Much of our focus has been on how gradients of the signaling lipid sphingosine 1-phosphate (S1P) are established. S1P’s most fundamental role in the immune system is to guide cells out of tissues into circulation. In most cases, the concentration of S1P is higher in blood and lymph than in tissues, and leukocytes follow these S1P gradients out of tissues into blood and lymph vessels. We have developed novel tools to map S1P gradients, and we have identified many of the key cells and enzymes that control these gradients. We are currently addressing how S1P gradients — and T cell residence time in tissues — are regulated during an immune response.
With this research, we hope to provide fundamental insight into how lipid gradients are shaped, and into how changing leukocyte residence times in tissues affects the immune response.

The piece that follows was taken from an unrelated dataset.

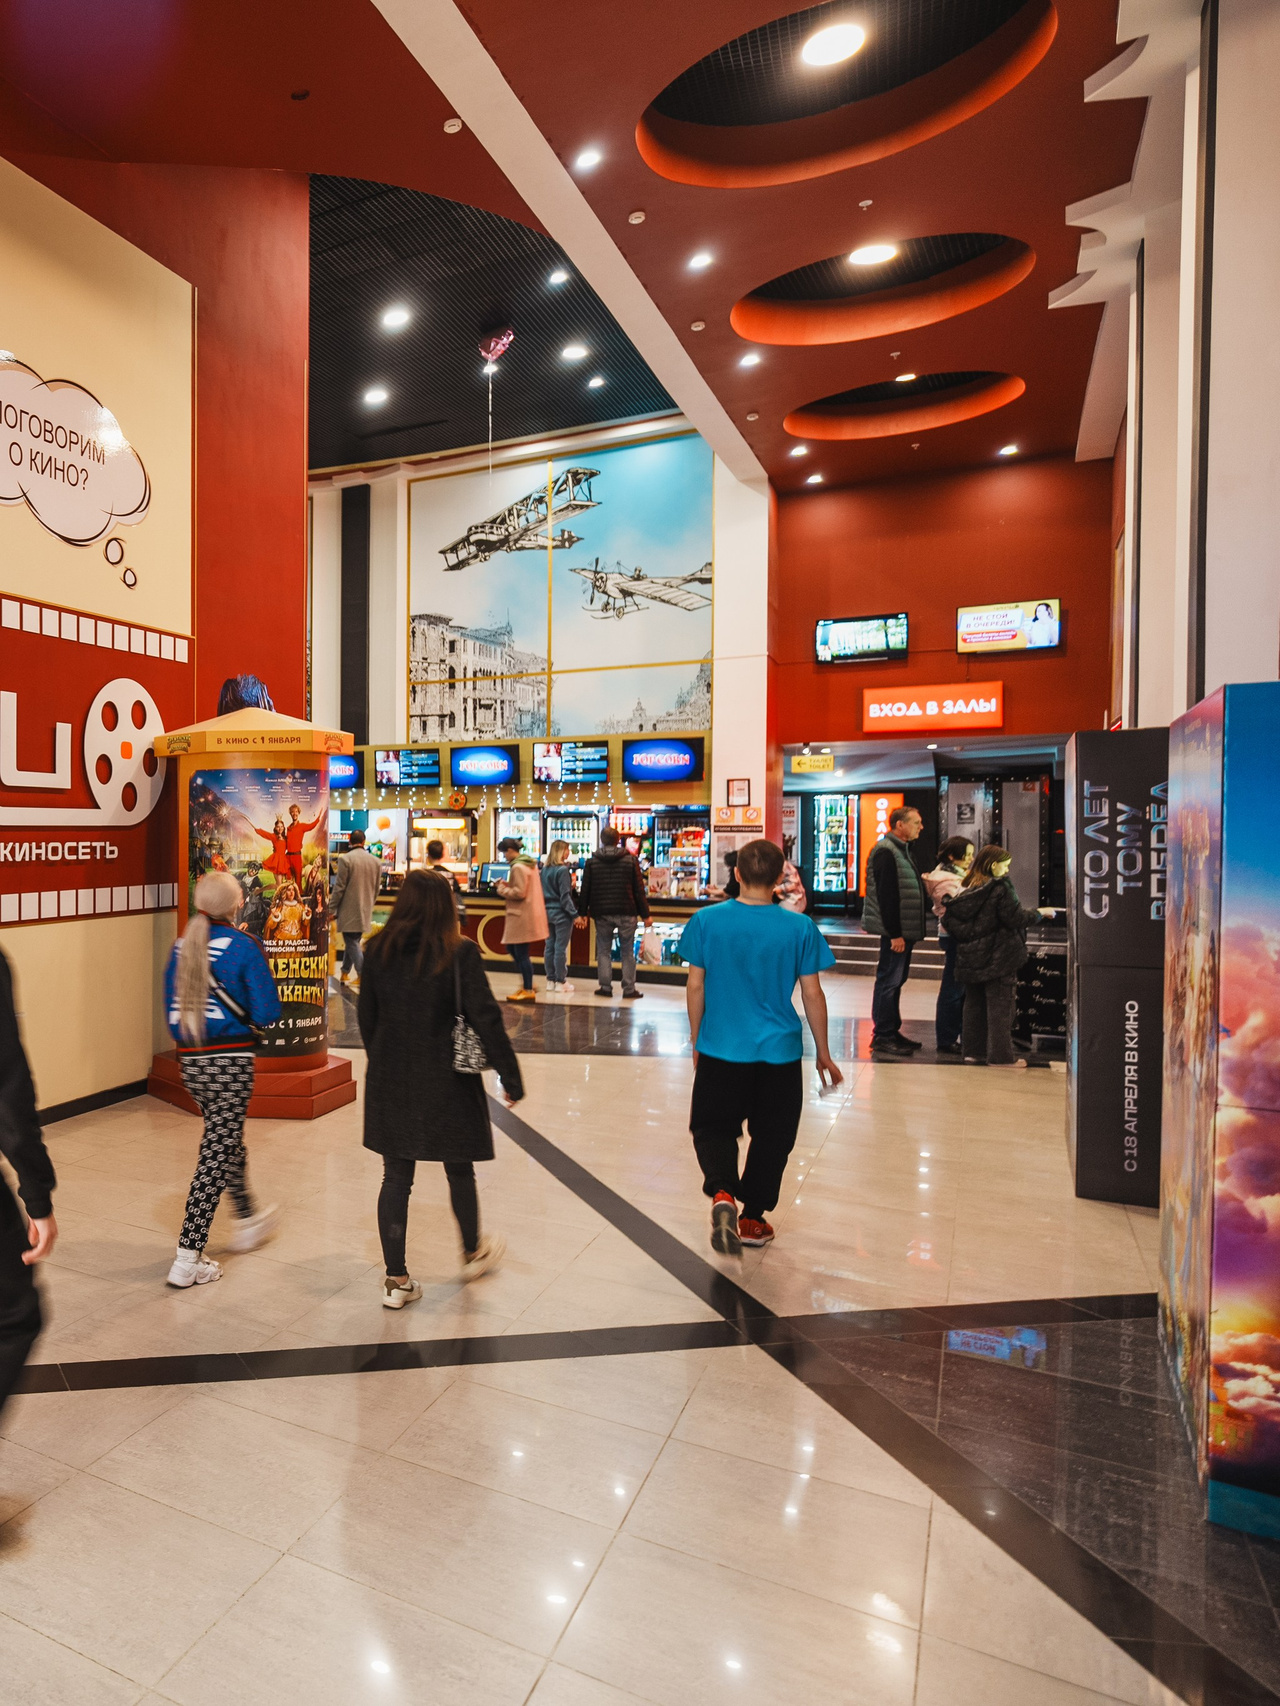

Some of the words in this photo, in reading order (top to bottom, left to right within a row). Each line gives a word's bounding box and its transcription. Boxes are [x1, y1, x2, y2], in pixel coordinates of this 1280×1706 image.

We also hope that this work will translate to improved therapies for inflammatory disease. Drugs targeting S1P signaling are used clinically as immune suppressants. However, because S1P also regulates vascular stability and heart rate, side effects are a serious concern. By determining how S1P gradients are regulated, we may identify targets that enable spatially specific modulation of S1P signaling.
How does trafficking of acute lymphoblastic leukemia T cells differ from trafficking of normal T cells?
We are fascinated by how the migration of leukemia T cells differs from that of normal cells. Can these differences be targeted therapeutically? What do these differences reveal about how normal T cells move? We have found that loss of signaling through the chemokine receptor CXCR4 after disease onset decimates T cell acute lymphoblastic leukemia in both murine and human xenograft models of disease—an unexpected result given that CXCR4 plays relatively subtle roles in normal T cell development and peripheral T cell maintenance. Because CXCR4 antagonists are in clinical trials for other cancers, our results may quickly translate to an effective and relatively nontoxic therapy for this aggressive disease. We are currently trying to define additional trafficking requirements for T-ALL, particularly for metastasis to the central nervous system.